Going forward, prosecutors are instructed to prioritize cases involving:

  • Serious criminal misconduct that poses a direct threat to U.S. national security interests or involves transnational criminal organizations (TCOs) or cartels;
  • Bribery or corruption tied to criminal operations using shell companies, money launderers, or corrupt foreign officials connected to TCOs;
  • Tangible harm to U.S. entities or individuals — such as unfair competition or economic injury caused by corrupt foreign competitors; for example, instances in which a U.S. company lost access to an opportunity due to a competitor’s corruption of the procurement process; and
  • Threats to U.S. strategic interests, particularly in critical industries such as defense, deep water ports, critical infrastructure, and key resources such as rare earth minerals.


3.  Reduced Burdens on U.S. Companies:

The DOJ will now direct prosecutors to avoid penalizing “routine business practices in other nations” and instead focus enforcement on “substantial misconduct,” including:

  • Significant bribe payments;
  • Sophisticated concealment tactics;
  • Fraudulent activity in support of bribery, and
  • Obstruction of justice.


Although the Memorandum specifically references the “facilitation payment” affirmative defense under the FCPA, which allows for small expediting payments for routine government services, companies should be mindful that the FCPA is unique in this regard and that the laws of many other jurisdictions, including the U.K. Bribery Act, contain no such defense. Similarly, the FCPA contains an affirmative defense for bona fide product promotion expenses; however, companies should confirm that such expenditures are legal under local law before proceeding with marketing and promotional expenses related to government officials.

Conclusion

Blanche’s Memorandum — like President Trump’s Executive Order — signals a significant shift in the DOJ’s FCPA enforcement priorities, and the ramifications are still uncertain. The Memorandum marks a clear recalibration of the DOJ’s FCPA enforcement priorities, whose full scope will be seen in the coming months. All attention will be on the DOJ as it determines what constitutes “substantial misconduct” or threats to “U.S. national security” sufficient to rise to the level of an acceptable FCPA action.

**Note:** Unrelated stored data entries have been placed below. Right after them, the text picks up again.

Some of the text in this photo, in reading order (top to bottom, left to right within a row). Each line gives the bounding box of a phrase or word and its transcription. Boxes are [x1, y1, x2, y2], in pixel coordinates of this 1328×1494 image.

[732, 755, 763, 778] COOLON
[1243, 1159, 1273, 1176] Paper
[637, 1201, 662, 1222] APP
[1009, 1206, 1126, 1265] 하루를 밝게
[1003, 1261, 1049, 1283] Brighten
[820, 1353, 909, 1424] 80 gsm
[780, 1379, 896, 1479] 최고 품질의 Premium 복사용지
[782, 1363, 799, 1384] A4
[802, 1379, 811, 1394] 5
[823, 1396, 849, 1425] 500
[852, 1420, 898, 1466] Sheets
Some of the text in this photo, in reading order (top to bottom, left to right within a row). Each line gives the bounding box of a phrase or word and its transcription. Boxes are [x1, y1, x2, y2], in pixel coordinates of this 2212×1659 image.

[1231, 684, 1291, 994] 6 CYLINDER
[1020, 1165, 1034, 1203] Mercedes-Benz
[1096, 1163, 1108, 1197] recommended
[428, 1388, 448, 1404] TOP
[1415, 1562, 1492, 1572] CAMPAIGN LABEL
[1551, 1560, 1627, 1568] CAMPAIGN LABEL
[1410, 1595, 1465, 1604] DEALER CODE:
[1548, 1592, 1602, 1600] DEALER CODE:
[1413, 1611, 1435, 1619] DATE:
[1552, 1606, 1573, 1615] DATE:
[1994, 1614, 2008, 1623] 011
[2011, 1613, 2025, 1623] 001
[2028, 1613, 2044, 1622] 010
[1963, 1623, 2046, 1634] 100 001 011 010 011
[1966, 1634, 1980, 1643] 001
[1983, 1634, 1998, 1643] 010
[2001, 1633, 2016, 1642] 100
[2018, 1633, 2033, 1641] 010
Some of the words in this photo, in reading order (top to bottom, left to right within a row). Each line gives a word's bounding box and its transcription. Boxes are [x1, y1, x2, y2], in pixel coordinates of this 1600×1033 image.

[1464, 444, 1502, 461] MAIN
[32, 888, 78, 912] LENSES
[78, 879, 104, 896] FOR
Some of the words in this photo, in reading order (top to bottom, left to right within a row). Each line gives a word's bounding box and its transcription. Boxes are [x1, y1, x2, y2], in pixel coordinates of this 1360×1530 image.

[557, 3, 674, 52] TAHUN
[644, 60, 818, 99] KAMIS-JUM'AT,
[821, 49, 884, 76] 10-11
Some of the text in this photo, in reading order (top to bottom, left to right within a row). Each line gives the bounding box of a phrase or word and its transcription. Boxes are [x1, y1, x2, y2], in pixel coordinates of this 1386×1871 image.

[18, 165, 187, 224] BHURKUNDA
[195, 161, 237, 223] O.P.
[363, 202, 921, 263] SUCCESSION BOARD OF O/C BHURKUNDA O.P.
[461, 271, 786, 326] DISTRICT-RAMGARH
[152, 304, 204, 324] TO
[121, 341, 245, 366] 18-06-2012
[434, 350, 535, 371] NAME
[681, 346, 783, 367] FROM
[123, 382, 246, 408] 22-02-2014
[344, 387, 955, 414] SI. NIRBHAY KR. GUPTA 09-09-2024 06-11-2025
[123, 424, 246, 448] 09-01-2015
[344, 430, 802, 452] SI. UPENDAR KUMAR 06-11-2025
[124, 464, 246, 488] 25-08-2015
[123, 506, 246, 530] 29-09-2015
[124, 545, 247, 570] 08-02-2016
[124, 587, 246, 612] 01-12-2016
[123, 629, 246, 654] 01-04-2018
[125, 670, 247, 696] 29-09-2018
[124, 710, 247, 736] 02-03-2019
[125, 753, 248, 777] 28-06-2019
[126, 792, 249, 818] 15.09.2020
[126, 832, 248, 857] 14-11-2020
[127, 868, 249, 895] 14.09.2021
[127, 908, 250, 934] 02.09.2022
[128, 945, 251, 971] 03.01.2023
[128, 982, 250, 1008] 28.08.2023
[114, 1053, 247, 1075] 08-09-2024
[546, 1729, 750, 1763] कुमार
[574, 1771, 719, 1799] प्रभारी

Instead of resting on assurance that the DOJ will not be prosecuting FCPA actions during the prescribed review period, companies should take proactive steps to review their policies, internal controls, and third-party due diligence frameworks to ensure they are aligned with evolving DOJ expectations with respect to FCPA compliance.

This narrowed scope of enforcement should not be interpreted as a license to ease anti-corruption compliance controls and safeguards. Among other things, the DOJ’s guidance is not binding on the SEC, which has jurisdiction over issuers of securities trading on a U.S. exchange, or on foreign law enforcement authorities investigating transgression of local anti-corruption laws and regulations. For guidance on how these changes may affect your organization or to assess your current FCPA compliance posture, please get in touch with your main contact at Lowenstein Sandler or the authors of this Client Alert.


1 U.S. Dept. of Justice, Office of the Dep. Atty. General, “Guidelines for Investigations and Enforcement of the Foreign Corrupt Practices Act (FCPA),” June 9, 2025.
2 For prior Lowenstein Sandler coverage on the FCPA and Presidents Trump’s Executive Order 14209, see “Long Live the FCPA?,” Feb. 11, 2025, available here. To read the full Executive Order 14209, see The White House, “Pausing Foreign Corrupt Practices Act Enforcement to Further American Economic and National Security,” Feb. 10, 2025, available here.
3 Id.
4 Id. at fn. 1.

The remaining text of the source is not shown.